Data pubblicazione: 26-apr-2015 13.07.08

原 基晶

神曲講義――地獄篇 第三歌を読む――

場所:京都大学文学部新館第1講義室

参加者:原、新倉、山室、片山、有田、竹下、古川、星野、土肥、和栗、菊池、國司、霜田、西浦、橋本、Nigro、神羽、高橋、佐々木、奥西、木下、中山、大杉、吉村、伊藤、中島、秋山、野村、堂浦、柱本、Mercuri、村瀬、堤、福永

ASIKA第11回例会は、昨年、講談社学術文庫版『神曲』翻訳を出版されたばかりの原基晶氏をお迎えし、ダンテ『神曲』とその翻訳についてお話をうかがいました。参加者は、例会史上最多の34名。3時間にわたる講演は大きく2部に分かれ、前半の『神曲』地獄篇第3歌講義では、イタリア語および原訳日本語テキストにもとづいて第3歌の内容を丁寧に解説していただき、続いて後半の『神曲』翻訳論では、17年間の翻訳作業の中での苦労や気づきについて興味深いお話を聞くことができました。

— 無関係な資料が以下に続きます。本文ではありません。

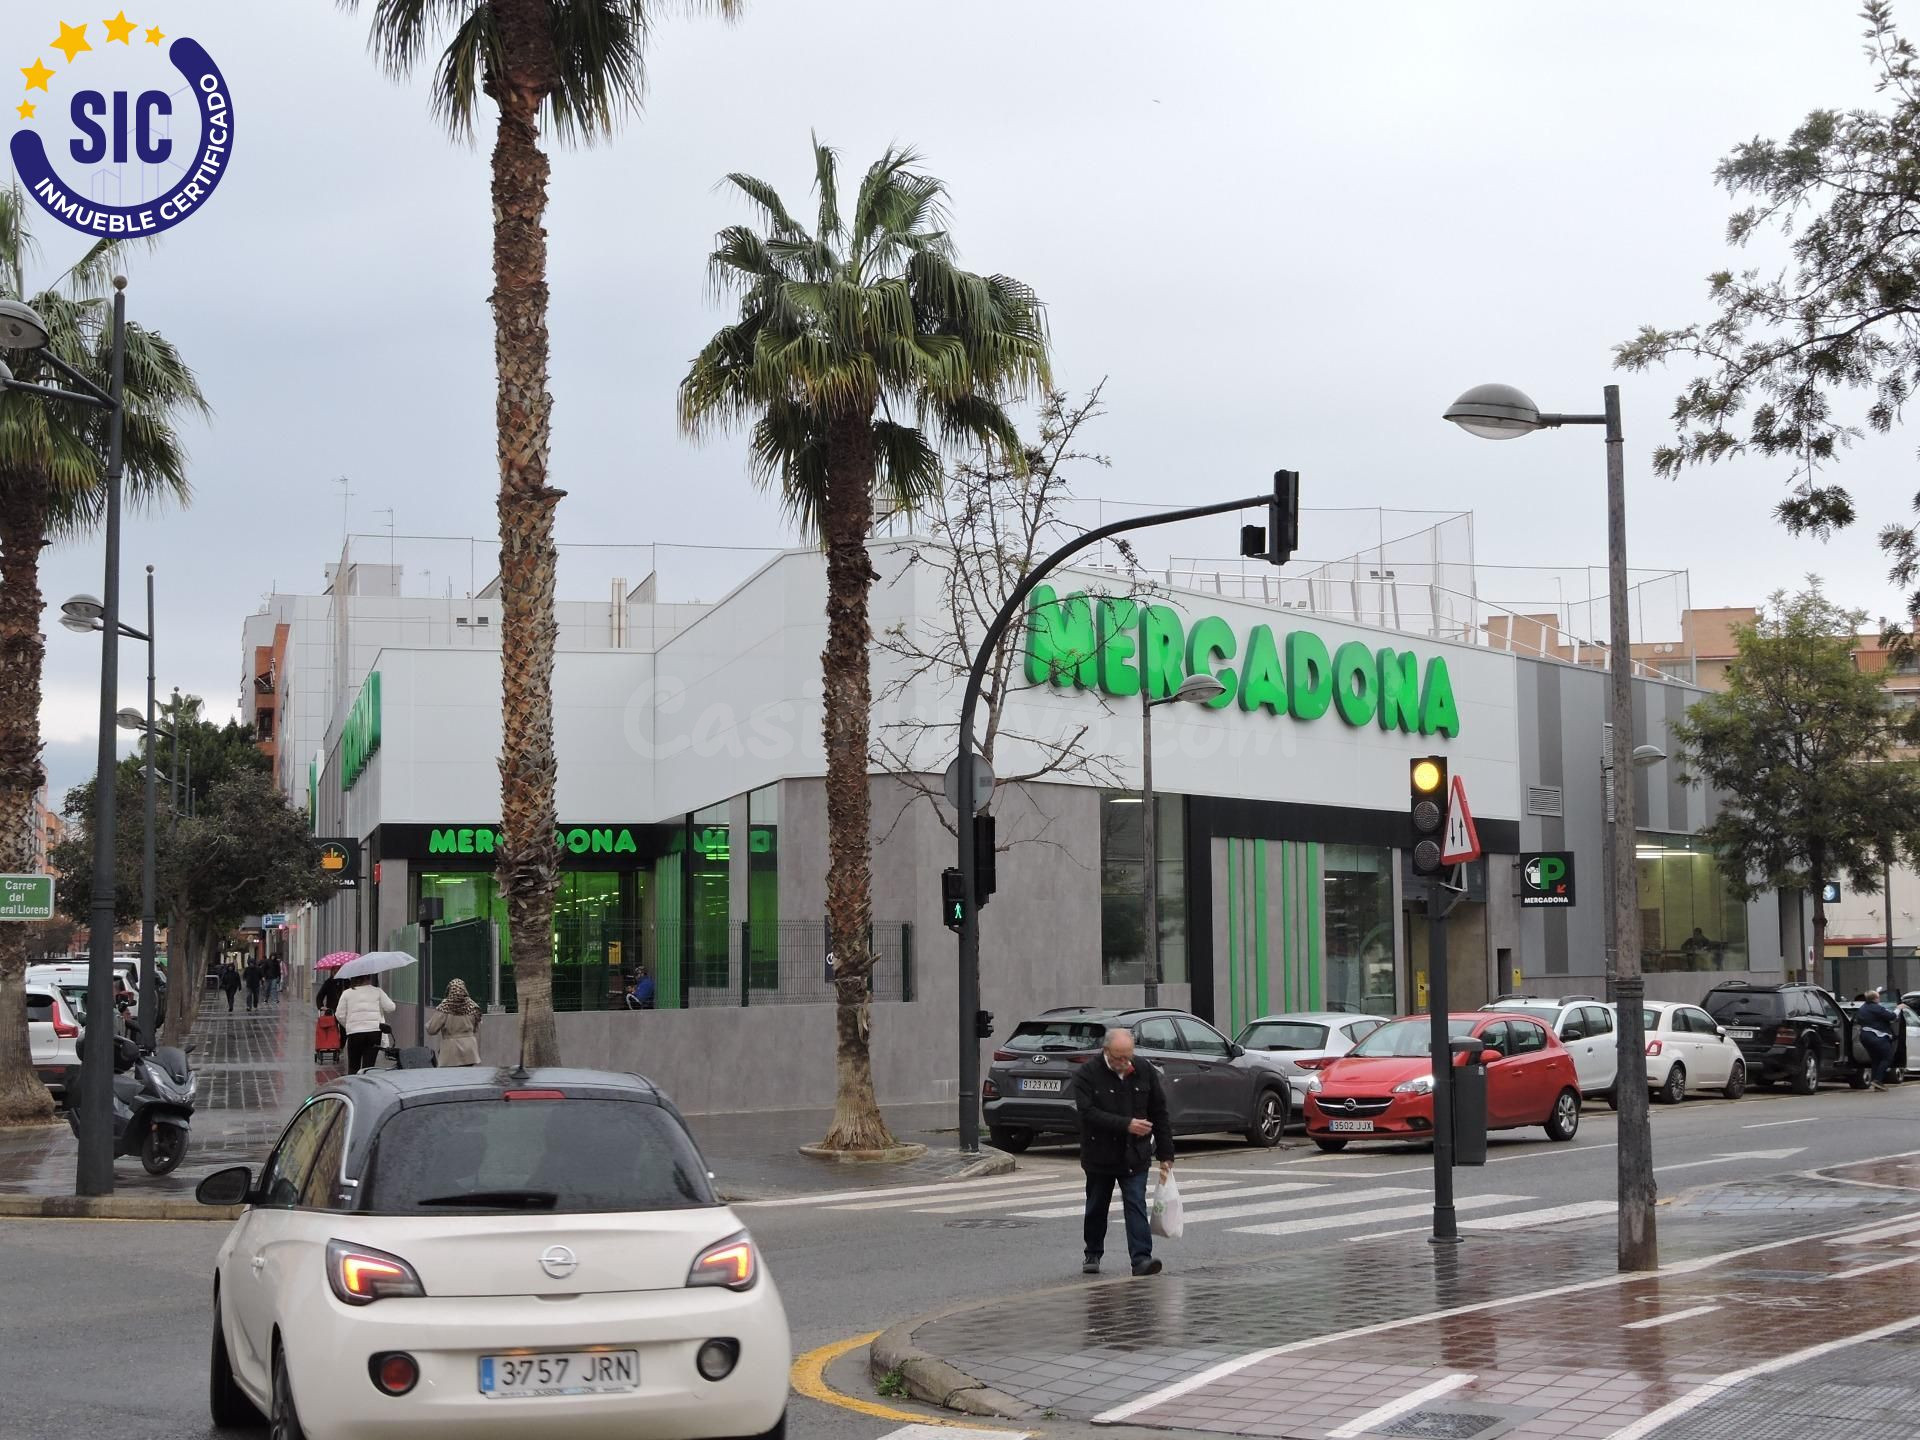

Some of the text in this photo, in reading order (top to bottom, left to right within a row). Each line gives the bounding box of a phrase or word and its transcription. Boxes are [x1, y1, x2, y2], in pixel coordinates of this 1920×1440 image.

今から振り返ってみて、翻訳を始めた17年前には、『神曲』テキストを〈静的〉にとらえていた、と原さんは言います。つまりテキストは出来上がったものとして確固としてそこにあり、その内容を正確に日本語におきかえてゆく解釈作業が翻訳だと。ところが、ヴェネツィアに留学し、Giorgio Padoanのマキャヴェッリの授業に出ていたある日、Padoanは突然授業を中断し、文学研究の〈志 volontà〉について語り、『神曲』地獄篇第3歌を朗唱しはじめたのです。その1週間後、Padoanは心臓のペースメーカーが停止するという事故のため亡くなります(原基晶「ジョルジョ・パドアンの思い出」、地中海学会月報2000年2月号 http://www.collegium-mediterr.org/geppo/227.html#7 に詳述)。この経験が、原さんの翻訳観を大きく変えたのでした。つまり、移さねばならないものは意味とは別のところにある、それは「作者の声」とも呼ぶべきものだ、翻訳とは〈意味〉ではなく〈身悶え〉や〈身振り〉を伝えるものだ、ということです。原さんはそのことを具体的に示すために、Inf. III, 22-27のイタリア語原文における、«g»音や獣じみた震えをともなう«r»音、促音の連続した緊張した音の連鎖、そこでダンテが行っている「音による空間構成」を、いかに日本語で、読者に直接伝わる「詩」として再構成してゆくかについて、ご自身の試行を語られました。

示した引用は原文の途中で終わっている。